Vous êtes venus aussi faire déguster votre cuvée ?

Oui, je suis venu en effet présenter ma cuvée. On m’a fait l’honneur de m’attribuer un petit lopin de terre qui était tout fait et très bien travaillé par les vignerons. Ce très beau château que j’adore et qui s’appelle « Château Etang des Colombes » que je vous recommande fortement.

J’ai eu la chance de le goûter. Il est très bon : épicé et doux à la fois.

Oui il est tout à fait excellent et j’en suis très fier et à la fois content. J’ai la possibilité comme ça de boire un vin que je connais bien et qui va me tenir en vie de longues années (rires).

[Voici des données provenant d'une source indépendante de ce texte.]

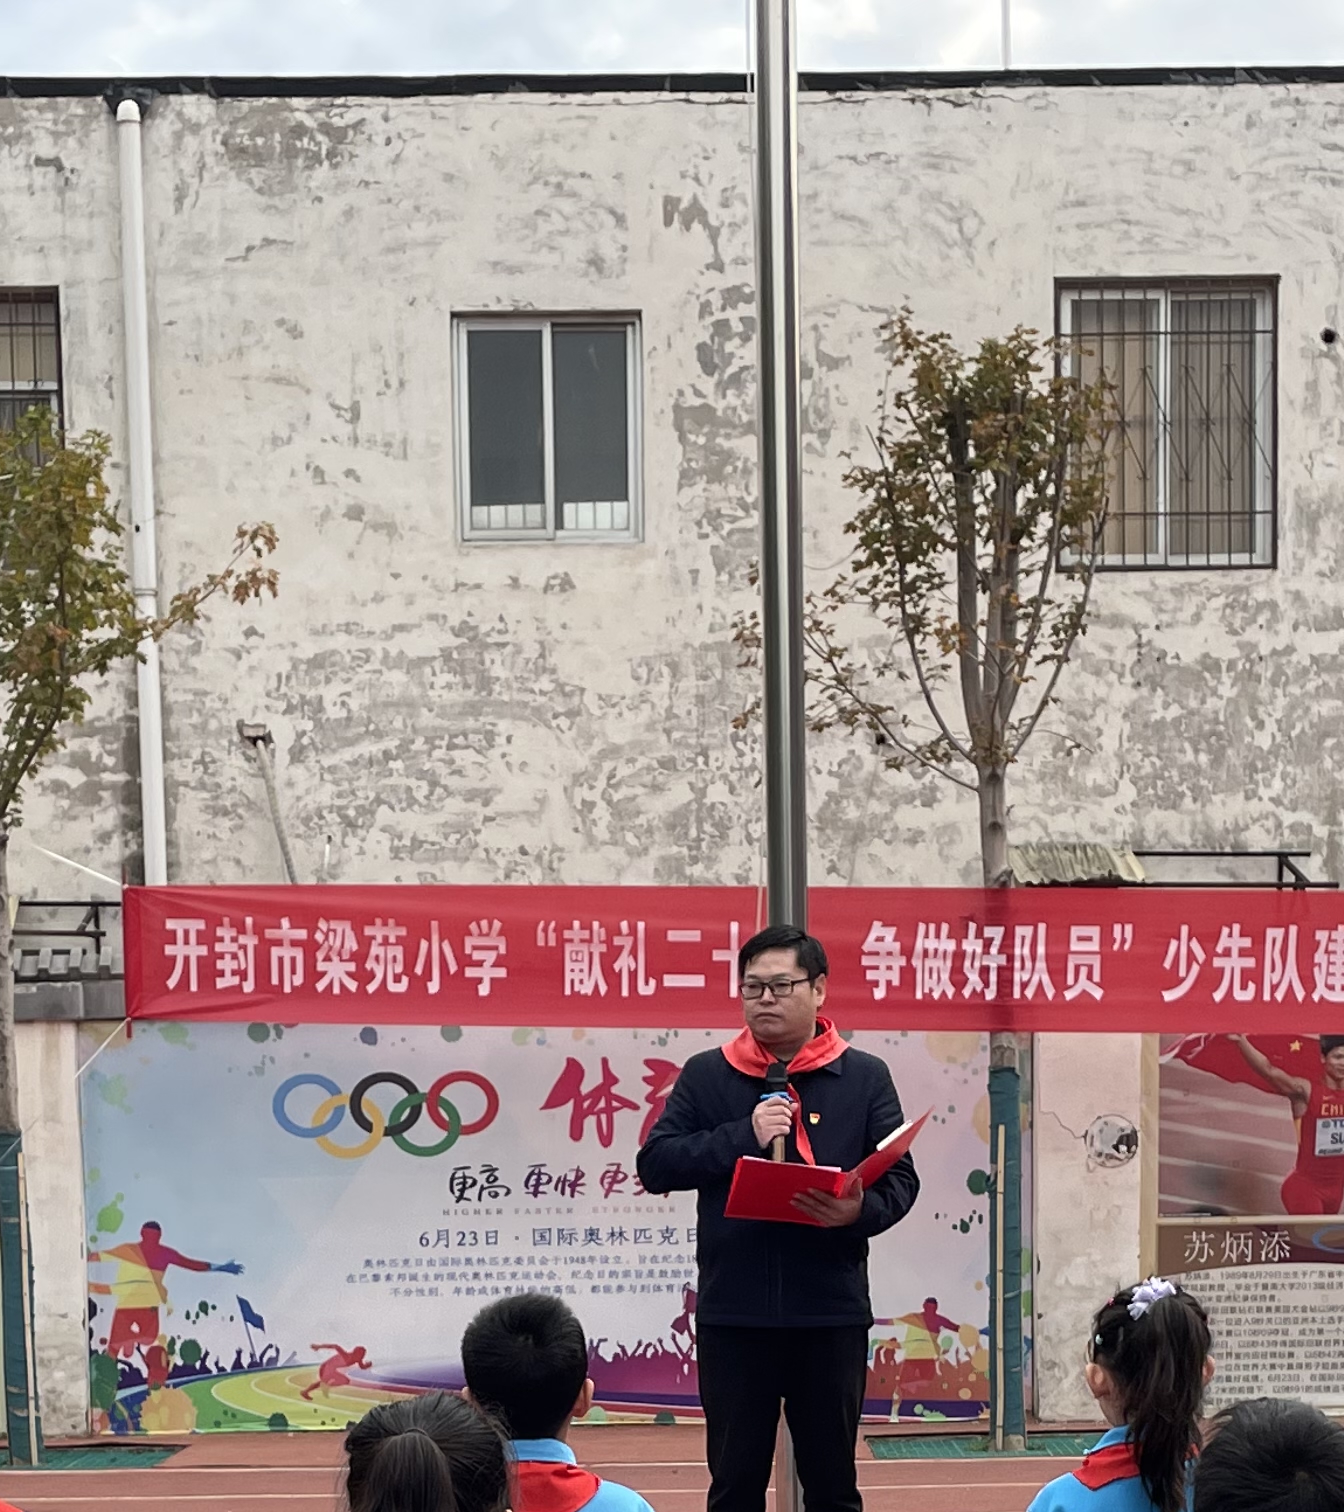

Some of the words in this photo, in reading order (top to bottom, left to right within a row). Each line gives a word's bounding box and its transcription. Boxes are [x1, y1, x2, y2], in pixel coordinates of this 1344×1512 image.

[448, 1164, 512, 1204] 更高
[523, 1162, 587, 1200] 更快
[443, 1208, 504, 1217] HIGHER
[514, 1206, 574, 1216] FASTER
[1183, 1230, 1291, 1264] 苏炳添
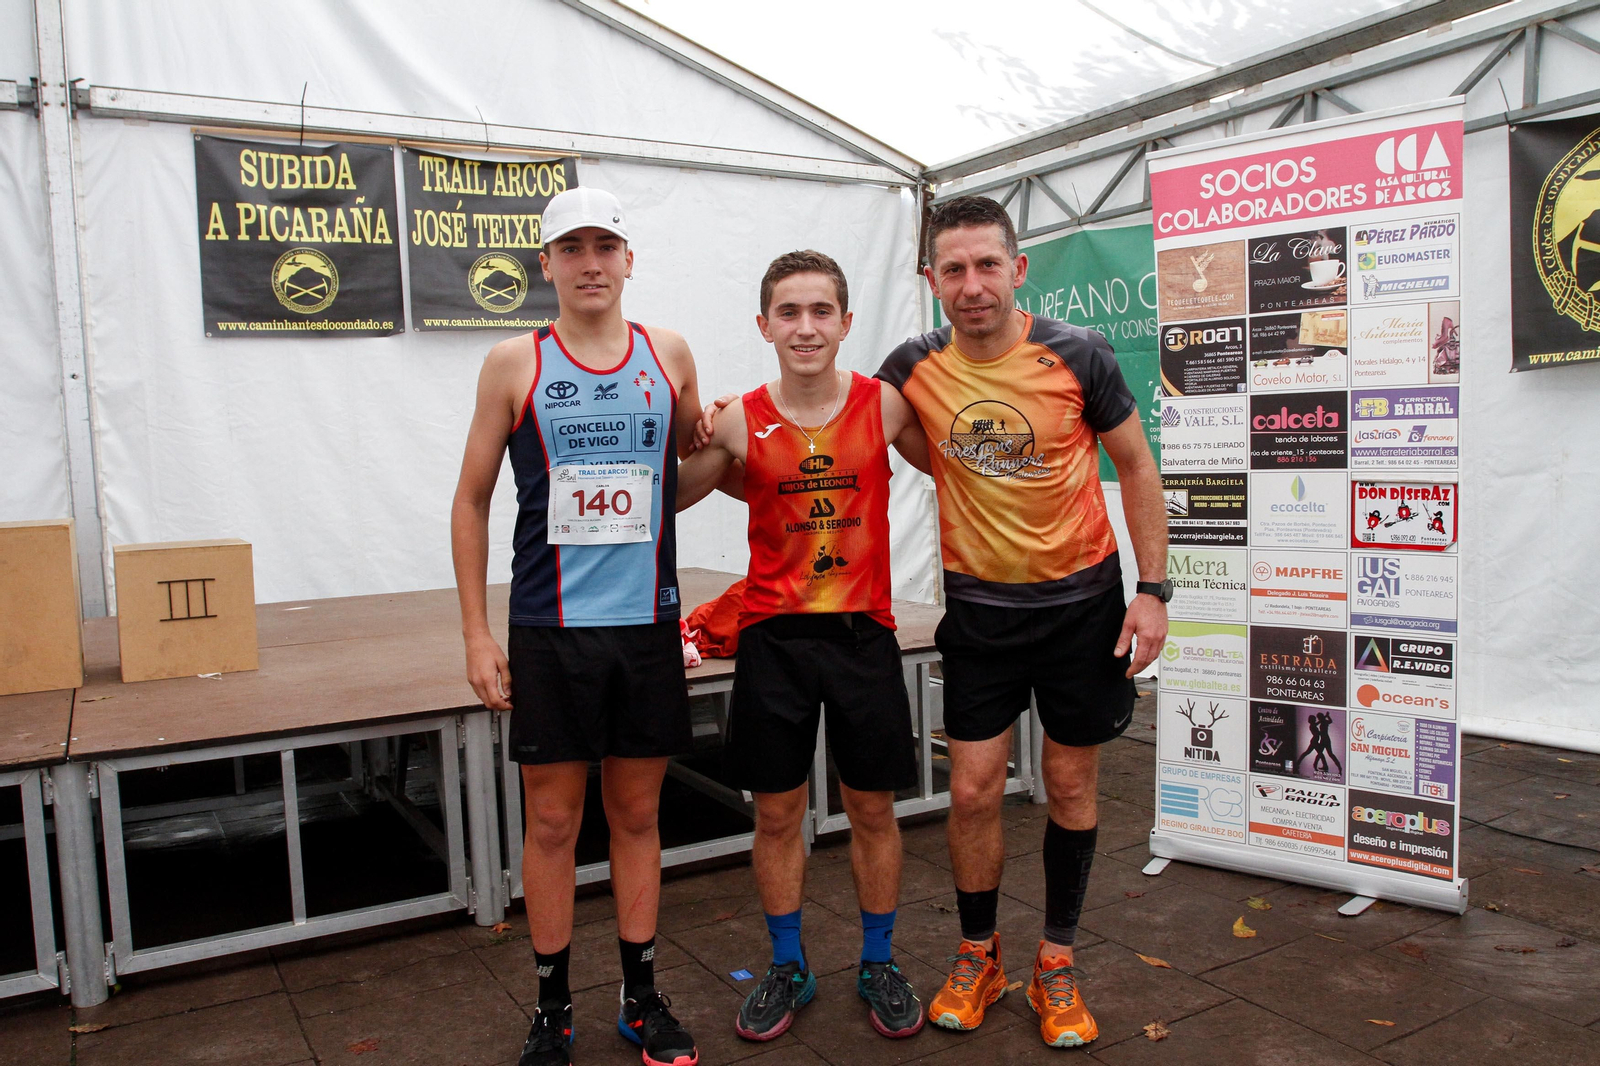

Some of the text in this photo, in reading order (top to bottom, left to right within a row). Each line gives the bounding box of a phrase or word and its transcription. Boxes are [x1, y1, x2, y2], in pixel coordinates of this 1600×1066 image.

D’où vous vient cet amour des vignes ?

L’amour des vignes c’est d’abord l’amour de la terre, du travail bien fait… Je ne vais pas me faire passer pour un paysan, mais je suis quand même d’origine berrichonne, d’un petit village entouré d’agriculteurs. Je n’ai pas d’agriculteur dans ma famille mais on était en contact direct avec eux à l’époque dans les années 50. La vie était portée sur l’agriculture. J’ai ce goût la, j’ai ce plaisir de voir des gens travailler la terre et le vin c’est particulier. Cela demande beaucoup de travail, beaucoup d’élaboration, de talent, et d’intelligence. Et un moment c’est le miracle qui va se produire, la nature va aider ou pas, entraver ou pas. Quand tout à coup on arrive à maîtriser tous ces paramètres, on sort un beau produit dans le sens noble du mot. J’imagine que c’est une immense satisfaction. C’est un peu comme la télévision ou le cinéma c’est quelque chose qui se partage qui se transmet comme l’histoire.

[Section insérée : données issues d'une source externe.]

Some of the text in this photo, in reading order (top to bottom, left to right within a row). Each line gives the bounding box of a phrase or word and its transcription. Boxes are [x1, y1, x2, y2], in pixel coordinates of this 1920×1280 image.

C’est une belle déclaration à ce métier, cette passion. Justement en parlant d’histoire, Je ne peux pas ne pas vous voir sans penser à votre interprétation de Jacques Chirac dans « La conquête ».

Bien sur. Vous savez c’est un jour un peu particulier. Je ne connaissais pas Jacques Chirac personnellement mais j’ai du respect pour cet homme et pour le fait que sa vie s’est éteinte. Evidemment la relation que j’ai pu avoir avec lui était de spectateur très attentif puisque j’ai eu à l’interpréter. Je me suis inspiré simplement au mieux des images que j’ai perçu de ses passages à la télévision, de ses interviews. Et puis aussi des témoignages de personnes qui le connaissais et qui en général l’appréciais beaucoup quand ils l’approchaient.  Avec ça j’ai essayé de l’interpréter au mieux sous différents aspects dans les deux films où je l’ai incarné. Mais vous savez c’est à la fois extrêmement concret et à la fois extrêmement abstrait. C’est un personnage historique et réel car à l’époque il était vivant. C’est encore très présent dans la vie de ce pays. Donc à la fois un peu troublant et à la fois amusant. Au bout du compte Jacques Chirac était quelqu’un, sans prendre en compte des idées politiques quelle qu’elle soit, qui avait une grande richesse, une très forte personnalité, un homme haut en couleur. Et à chaque fois ça m’a beaucoup plus de le jouer, mais avec beaucoup de plaisir et de respect.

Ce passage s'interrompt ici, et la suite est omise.